Tari invariata, verso il rinvio della rata

15 Maggio 2024

Ok al piano economico finanziario. Ma il Pd contesta lo slittamento del pagamento: troppo ravvicinato a quelli successivi

PESCARA. Con 17 sì e 9 astensioni, il consiglio comunale ha approvato il piano economico finanziario che costituisce la base per il calcolo delle tariffe sulla tassa dei rifiuti. L’imposta quest’anno rimarrà pressoché invariata, considerando che come ha spiegato l’assessore ai Tributi Eugenio Seccia, il documento «che ammonta a circa 26 milioni 670 mila euro si discosta da quello dello scorso anno di appena 22 mila euro». Spetta ora ad Adriatica Risorse, che gestisce la riscossione dei tributi, provvedere all’effettivo calcolo per le 86.253 utenze domestiche, e le 12.599 non domestiche presenti in città.
«La rata unica dovrebbe scadere intorno al 15-30 giugno, ma la norma ora consente alla giunta di ipotizzare un rinvio eventuale delle scadenze. L’interlocuzione quindi sarà con Adriatica Risorse, e una volta che avremo il cronoprogramma valuteremo se necessario uno slittamento». È proprio l’ipotetico rinvio che ha generato la prima polemica in consiglio comunale, sollevata dal capogruppo Pd Piero Giampietro. «L’anno scorso c’era stato un cambio della regolamentazione che rese necessario slittare la scadenza. Quando anni fa era stata fissata la scadenza di questo tributo ad aprile lo si era fatto per evitare che si sovrapponesse con altre scadenze. Pensare che tutto possa essere rimandato a dopo l’estate, potrebbe mettere in difficoltà da una parte le casse del Comune e dall’altra le tasche delle famiglie e delle imprese, con 4 rate troppo ravvicinate». L’altra critica è arrivata dal capogruppo del Movimento 5 Stelle, Paolo Sola, che ha evidenziato come «il mantenimento del piano tariffario della Tari invariato rispetto all’anno scorso non è certo frutto di una gestione virtuosa del ciclo dei rifiuti, ma la conseguenza di uno stop forzato al sistema di raccolta porta a porta voluto dal centrodestra, che ha dovuto fare i conti con la realtà di un metodo insostenibile che ha provocato solo caos e disagi per i cittadini di Porta Nuova.

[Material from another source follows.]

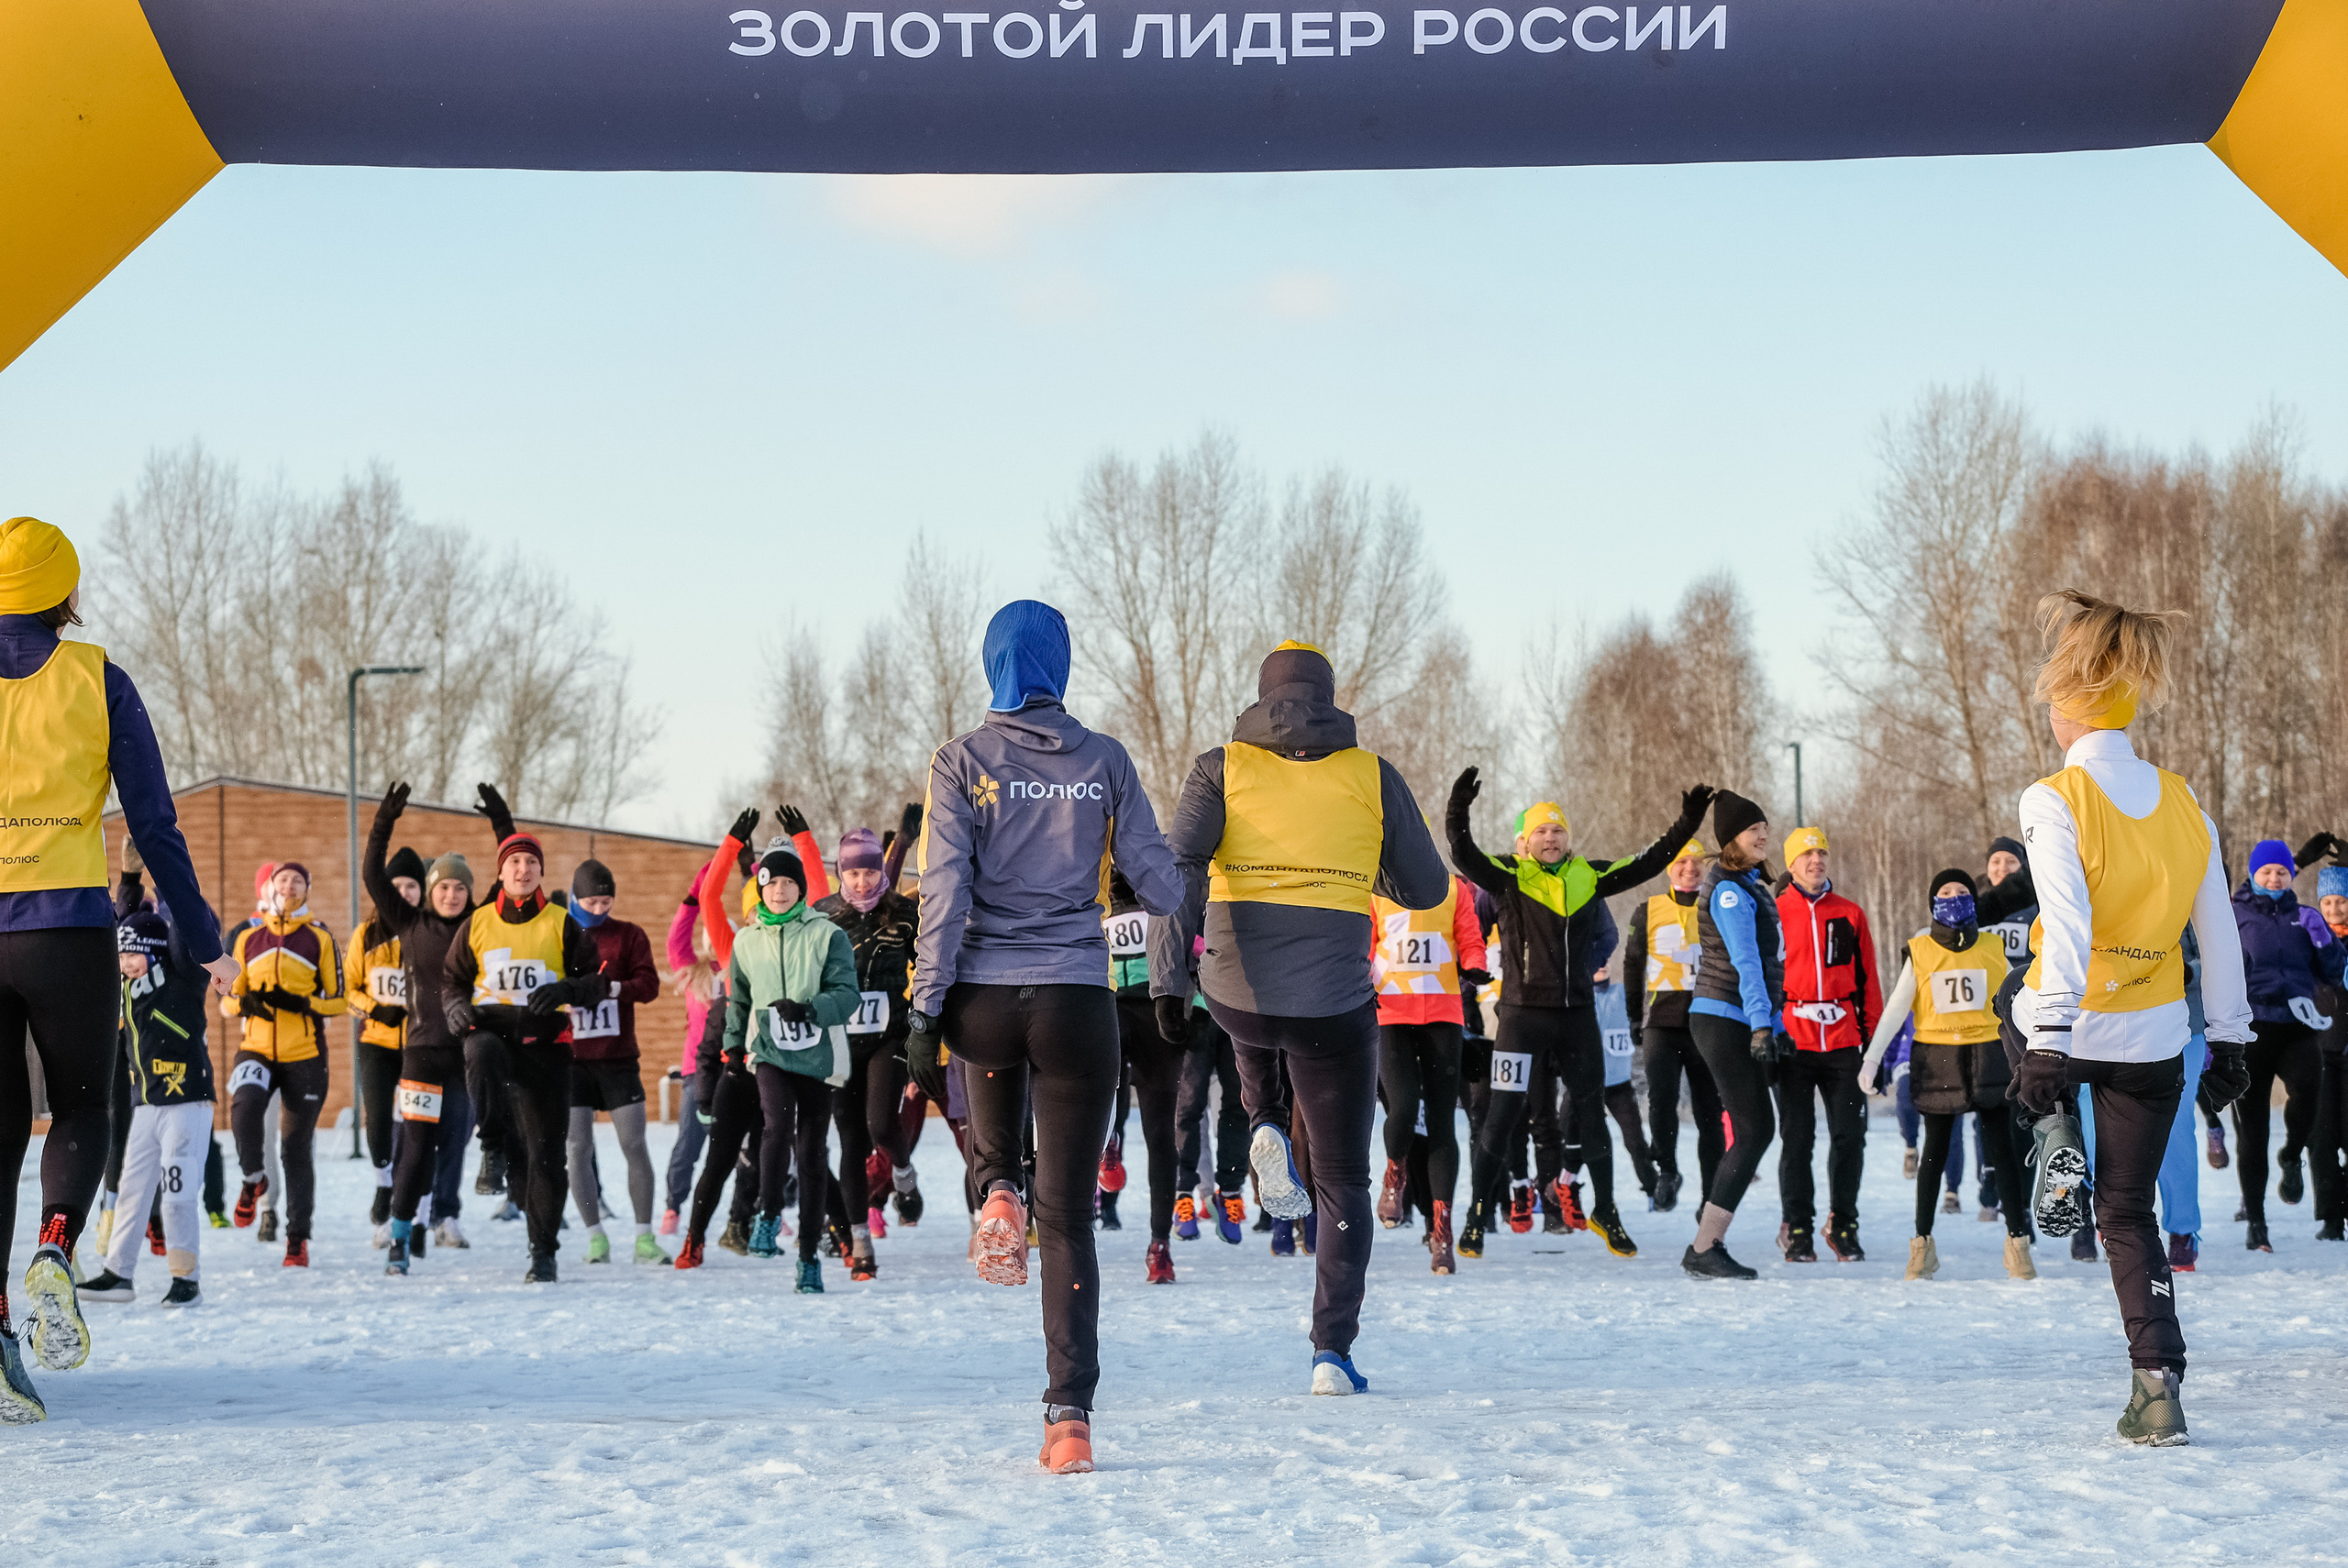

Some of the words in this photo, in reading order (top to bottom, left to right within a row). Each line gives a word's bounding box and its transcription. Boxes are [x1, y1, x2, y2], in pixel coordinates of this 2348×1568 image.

Dopo tanti proclami sul fatto che questo metodo antidiluviano sarebbe stato esteso a tutta la città entro pochi mesi, ora il sindaco Masci e l'assessore Del Trecco fanno l'ennesimo dietrofront lasciando un disastro a metà. Ma nel piano previsionale per il 2025 compaiono già 600 mila euro di costi in più che ricadranno sulle spalle dei cittadini perché l'intenzione di questa giunta è di portare avanti questo progetto fallimentare».